2.1     Ratification of Merger Agreement; Full Force and Effect; Conflicts; Severability. Other than as expressly modified pursuant to this Amendment, all of the terms, conditions and other provisions of the Merger Agreement are hereby ratified and confirmed and shall continue to be in full force and effect in accordance with their respective terms. No reference to this Amendment need be made in any instrument or document making reference to the Merger Agreement and any reference to the Merger Agreement in any such instrument or document shall be deemed a reference to the Merger Agreement as amended hereby. This Amendment shall apply and be effective only with respect to the provisions of the Merger Agreement specifically referred to herein. The invalidity or unenforceability of any provision of this Amendment shall not affect the validity or enforceability of any other provision of this Amendment.

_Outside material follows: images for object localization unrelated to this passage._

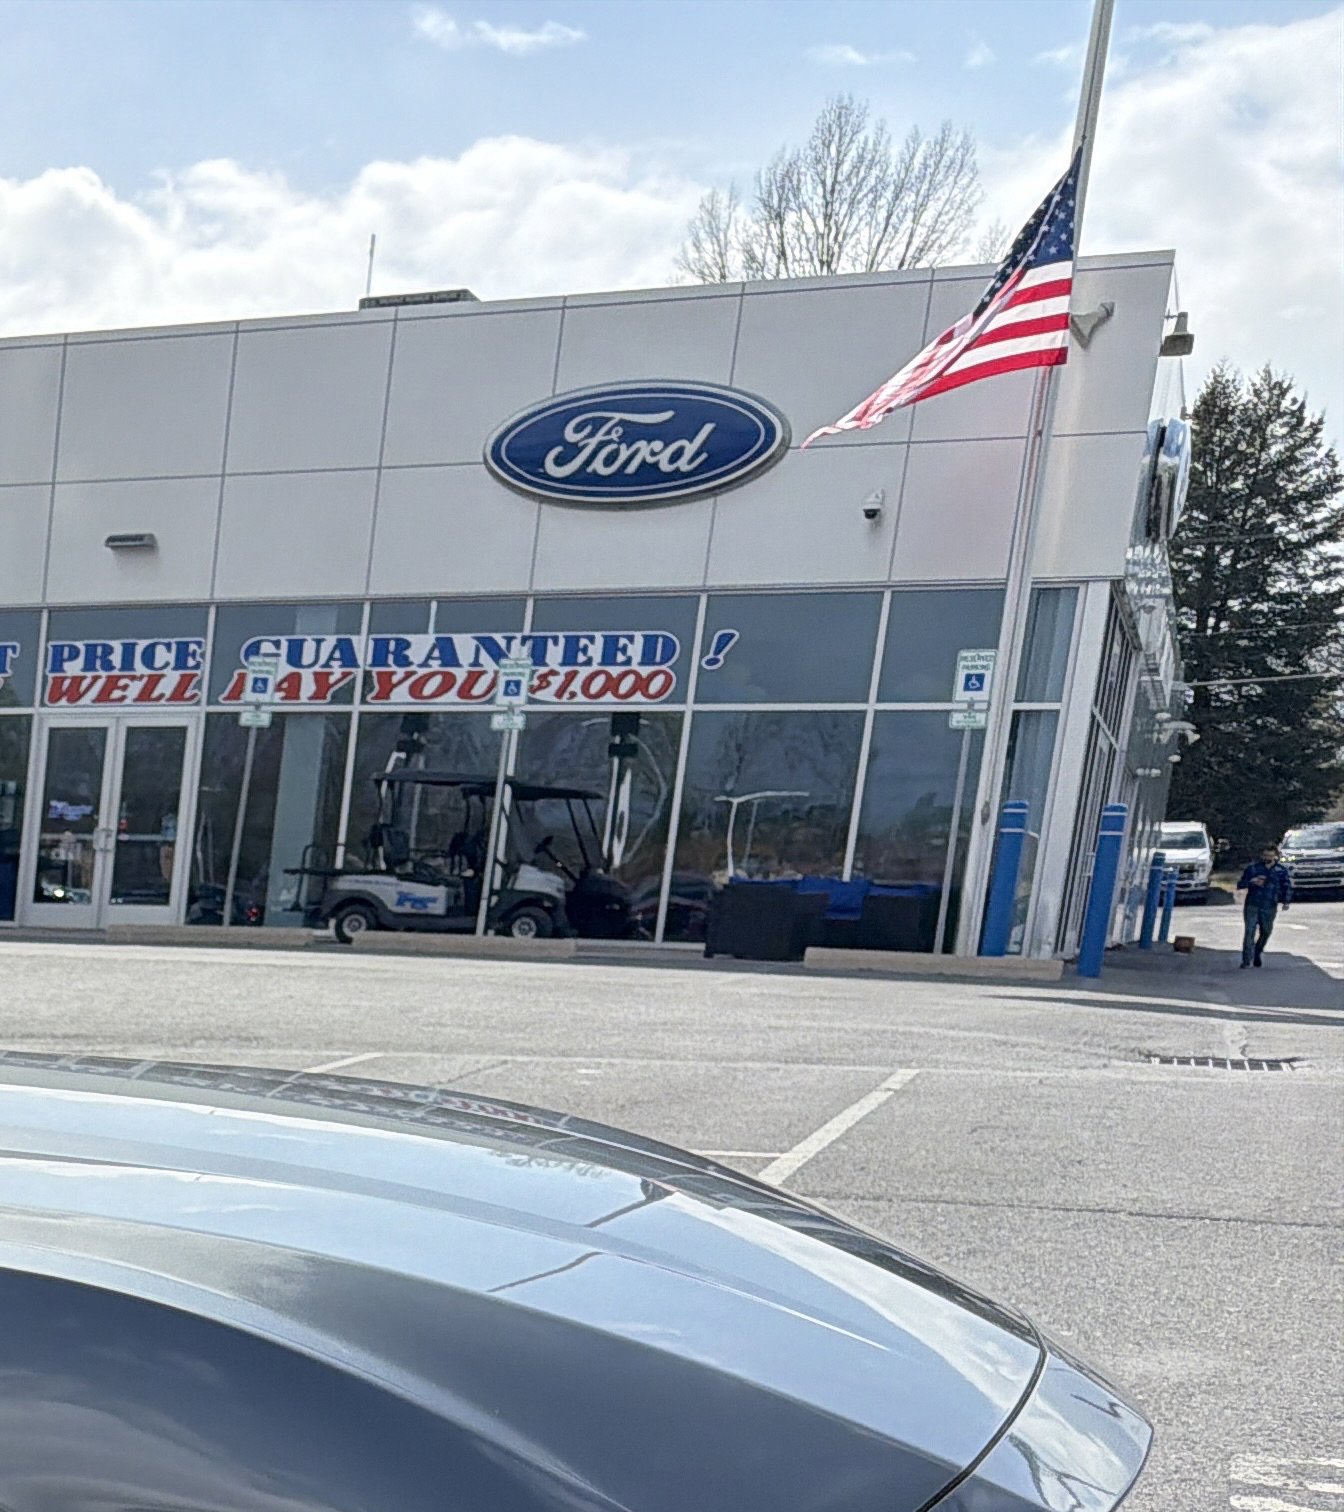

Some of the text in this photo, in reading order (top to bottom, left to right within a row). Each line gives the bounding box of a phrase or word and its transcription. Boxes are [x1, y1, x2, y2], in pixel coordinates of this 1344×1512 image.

[543, 410, 716, 478] Ford
[48, 640, 204, 673] PRICE
[243, 634, 678, 668] GUARANTEED
[372, 670, 498, 701] YOU
[528, 669, 674, 700] $1,000

2.2    Governing Law. This Amendment and all Proceedings (whether based on contract, tort or otherwise) arising out of or relating to this Amendment or the actions of Parent, Merger Sub or the Company in the negotiation, administration, performance and enforcement thereof, shall be governed by, and construed in accordance with, the Applicable Laws of the State




of Delaware, without giving effect to any choice or conflict of laws provision or rule (whether of the State of Delaware or any other jurisdiction) that would cause the application of the Applicable Laws of any jurisdiction other than the State of Delaware.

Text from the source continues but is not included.